- Data for processing:
-=-=-

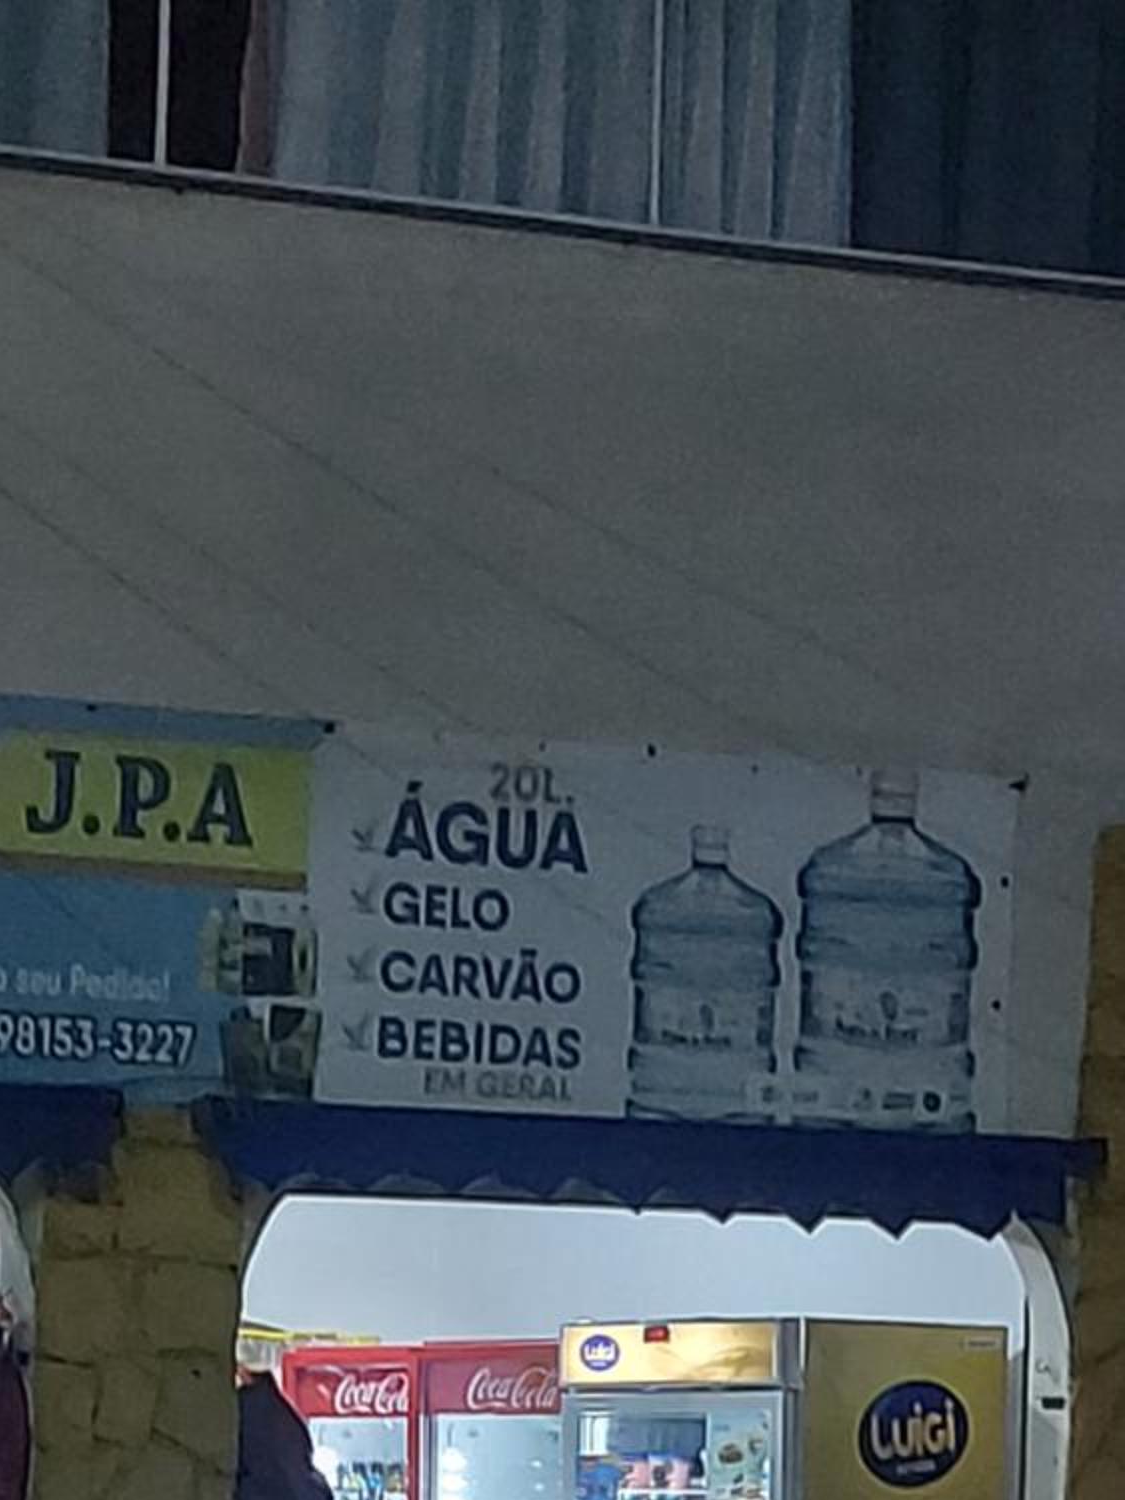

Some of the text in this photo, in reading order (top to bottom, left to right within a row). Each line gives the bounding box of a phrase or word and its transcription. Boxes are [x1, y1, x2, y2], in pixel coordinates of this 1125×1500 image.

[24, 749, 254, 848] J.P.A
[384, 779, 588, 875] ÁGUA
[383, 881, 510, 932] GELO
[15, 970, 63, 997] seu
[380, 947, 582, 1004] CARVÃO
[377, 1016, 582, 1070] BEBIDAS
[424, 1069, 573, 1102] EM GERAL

-=-=-

- What is required: For your answer, write out the data exactly and drop every picture.

- Reply to the exercise:
Some of the text in this photo, in reading order (top to bottom, left to right within a row). Each line gives the bounding box of a phrase or word and its transcription. Boxes are [x1, y1, x2, y2], in pixel coordinates of this 1125×1500 image.

[24, 749, 254, 848] J.P.A
[384, 779, 588, 875] ÁGUA
[383, 881, 510, 932] GELO
[15, 970, 63, 997] seu
[380, 947, 582, 1004] CARVÃO
[377, 1016, 582, 1070] BEBIDAS
[424, 1069, 573, 1102] EM GERAL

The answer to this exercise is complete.